(Saved entries)
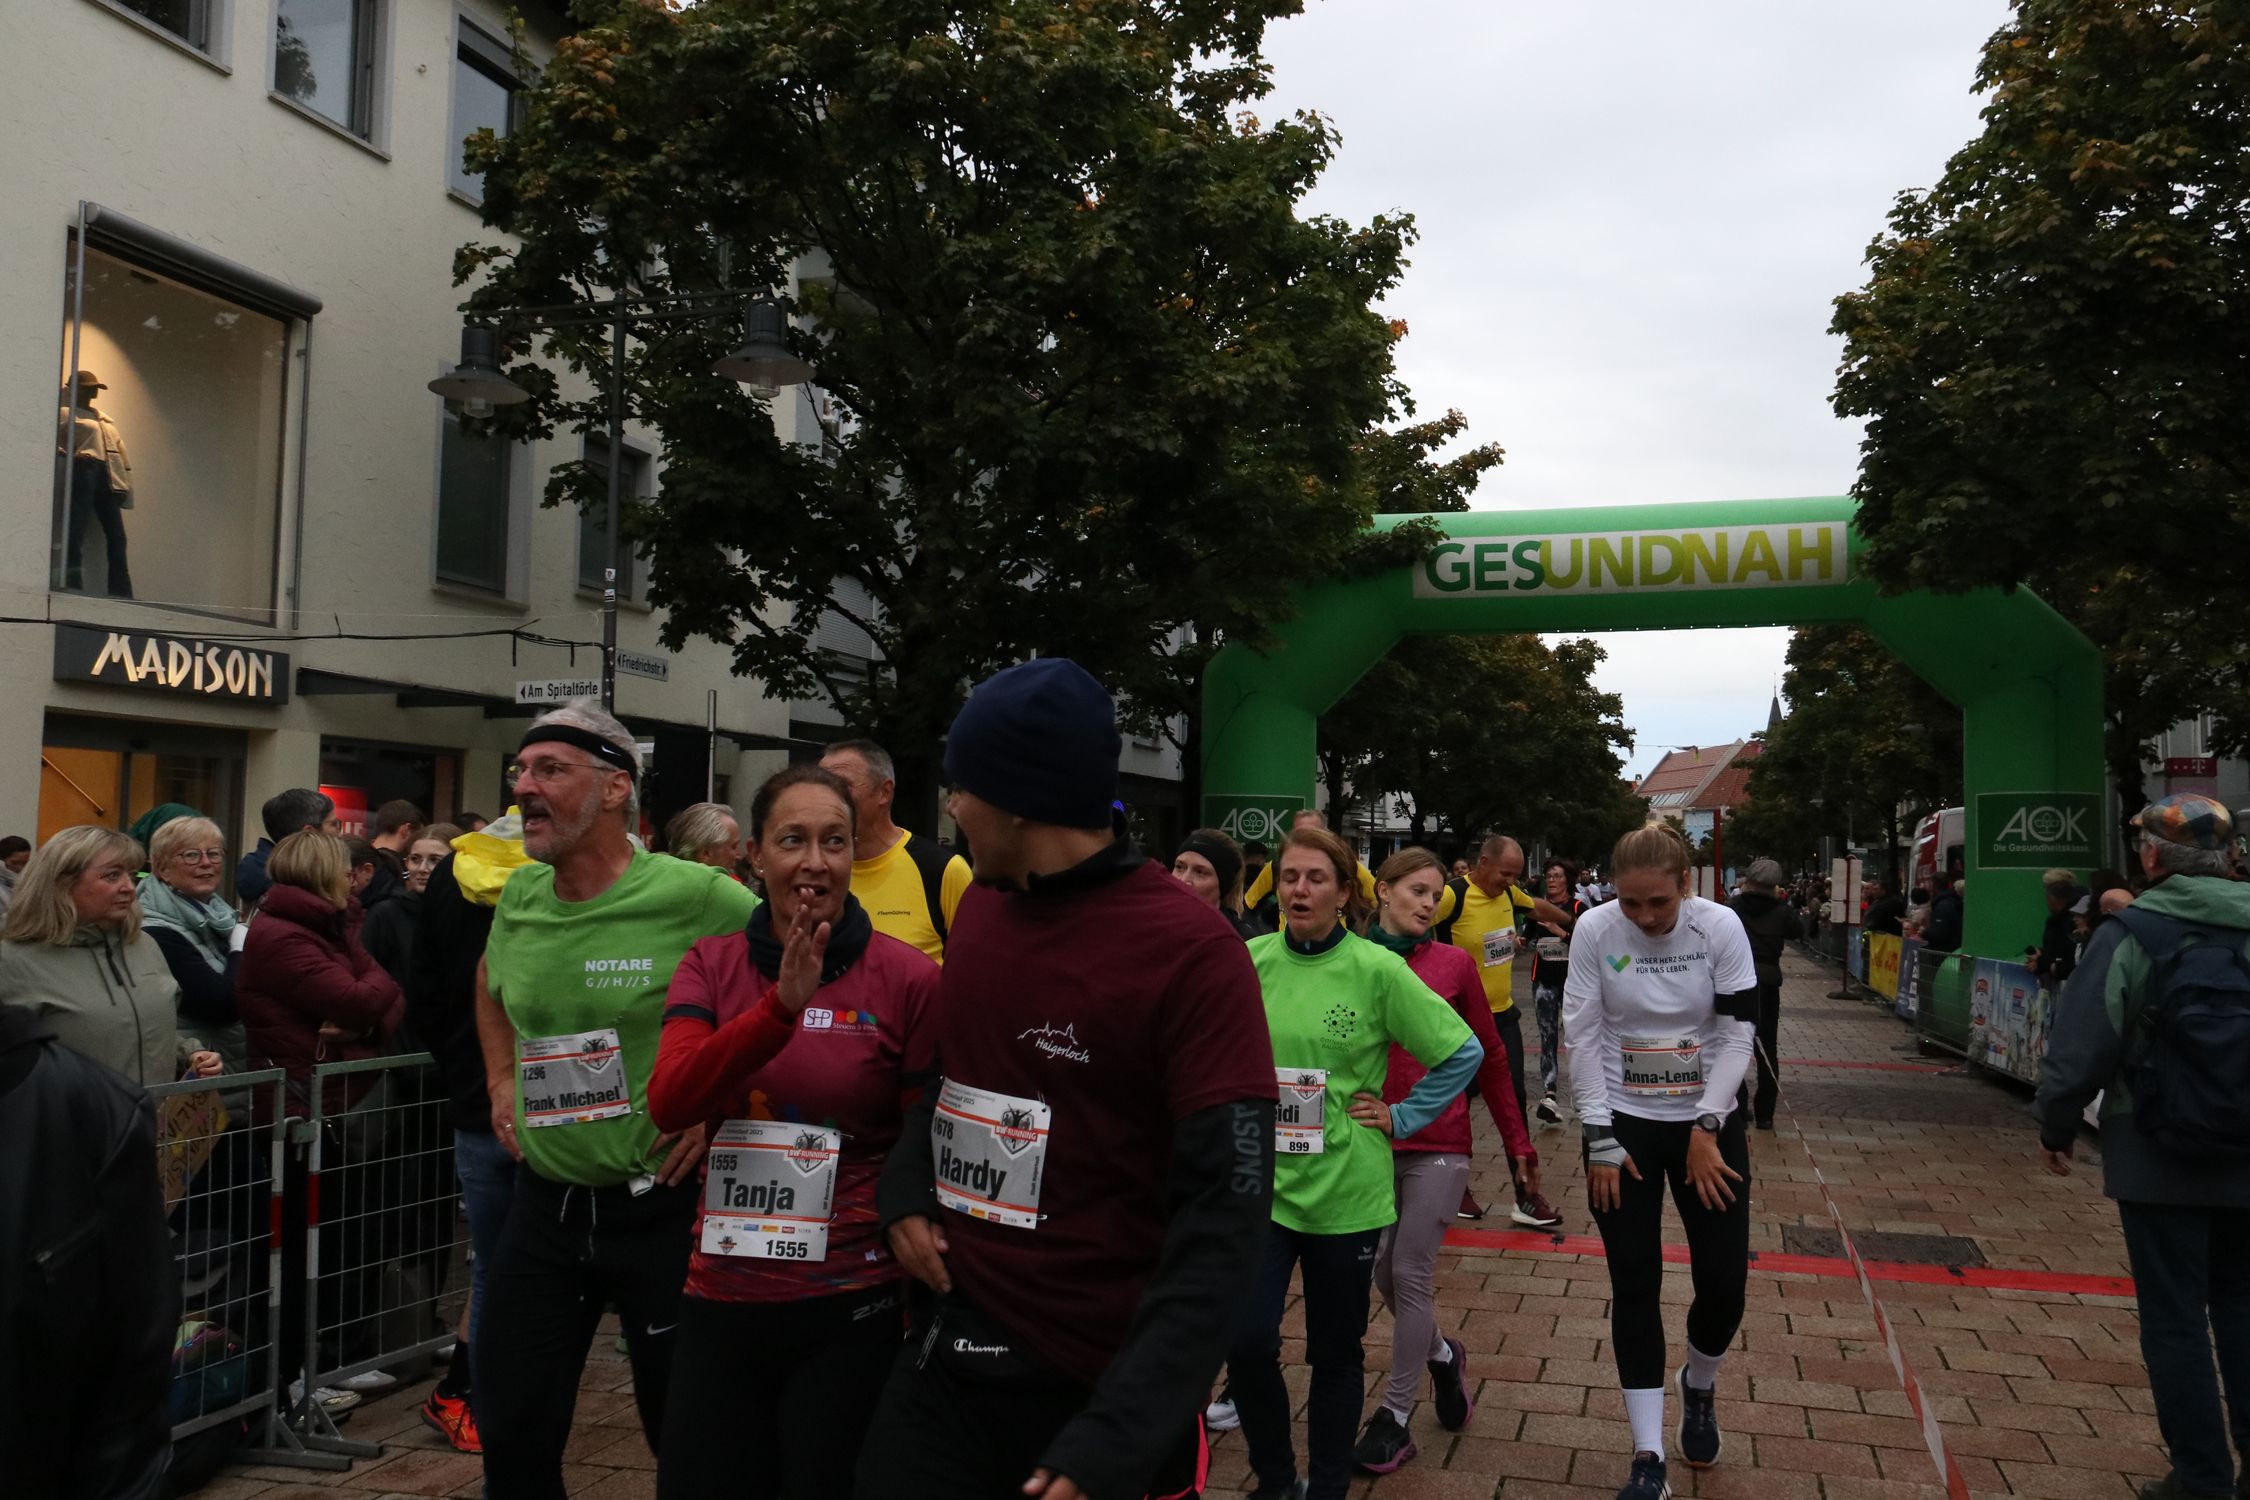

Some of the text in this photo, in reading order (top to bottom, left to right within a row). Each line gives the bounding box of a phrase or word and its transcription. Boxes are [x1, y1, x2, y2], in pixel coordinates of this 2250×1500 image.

[1424, 526, 1833, 592] GESUNDNAH
[622, 654, 662, 675] Friedrichstr.
[527, 682, 598, 699] Am Spitaltörle
[1219, 808, 1290, 840] AOK
[1996, 806, 2089, 842] AOK
[1993, 843, 2007, 852] Die
[584, 959, 653, 972] NOTARE
[1659, 955, 1677, 964] HERZ
[1678, 951, 1708, 963] SCHLÄGT
[1636, 964, 1690, 974] FÜR DAS LEBEN.
[1035, 1037, 1090, 1064] Haigerloch
[1623, 1054, 1634, 1063] 14
[522, 1066, 546, 1081] 1296
[1624, 1069, 1698, 1083] Anna-Lena
[524, 1086, 620, 1112] Frank Michael
[1272, 1104, 1300, 1123] eidi
[933, 1116, 954, 1140] 1678
[1289, 1141, 1310, 1152] 899
[710, 1154, 738, 1171] 1555
[939, 1145, 1007, 1201] Hardy
[723, 1177, 795, 1215] Tanja
[766, 1240, 808, 1258] 1555
[953, 1338, 1009, 1357] Champi

What is needed ▸
All of the data must be repeated exactly, except for the pictures.

Task output ▸
Some of the text in this photo, in reading order (top to bottom, left to right within a row). Each line gives the bounding box of a phrase or word and its transcription. Boxes are [x1, y1, x2, y2], in pixel coordinates of this 2250×1500 image.

[1424, 526, 1833, 592] GESUNDNAH
[622, 654, 662, 675] Friedrichstr.
[527, 682, 598, 699] Am Spitaltörle
[1219, 808, 1290, 840] AOK
[1996, 806, 2089, 842] AOK
[1993, 843, 2007, 852] Die
[584, 959, 653, 972] NOTARE
[1659, 955, 1677, 964] HERZ
[1678, 951, 1708, 963] SCHLÄGT
[1636, 964, 1690, 974] FÜR DAS LEBEN.
[1035, 1037, 1090, 1064] Haigerloch
[1623, 1054, 1634, 1063] 14
[522, 1066, 546, 1081] 1296
[1624, 1069, 1698, 1083] Anna-Lena
[524, 1086, 620, 1112] Frank Michael
[1272, 1104, 1300, 1123] eidi
[933, 1116, 954, 1140] 1678
[1289, 1141, 1310, 1152] 899
[710, 1154, 738, 1171] 1555
[939, 1145, 1007, 1201] Hardy
[723, 1177, 795, 1215] Tanja
[766, 1240, 808, 1258] 1555
[953, 1338, 1009, 1357] Champi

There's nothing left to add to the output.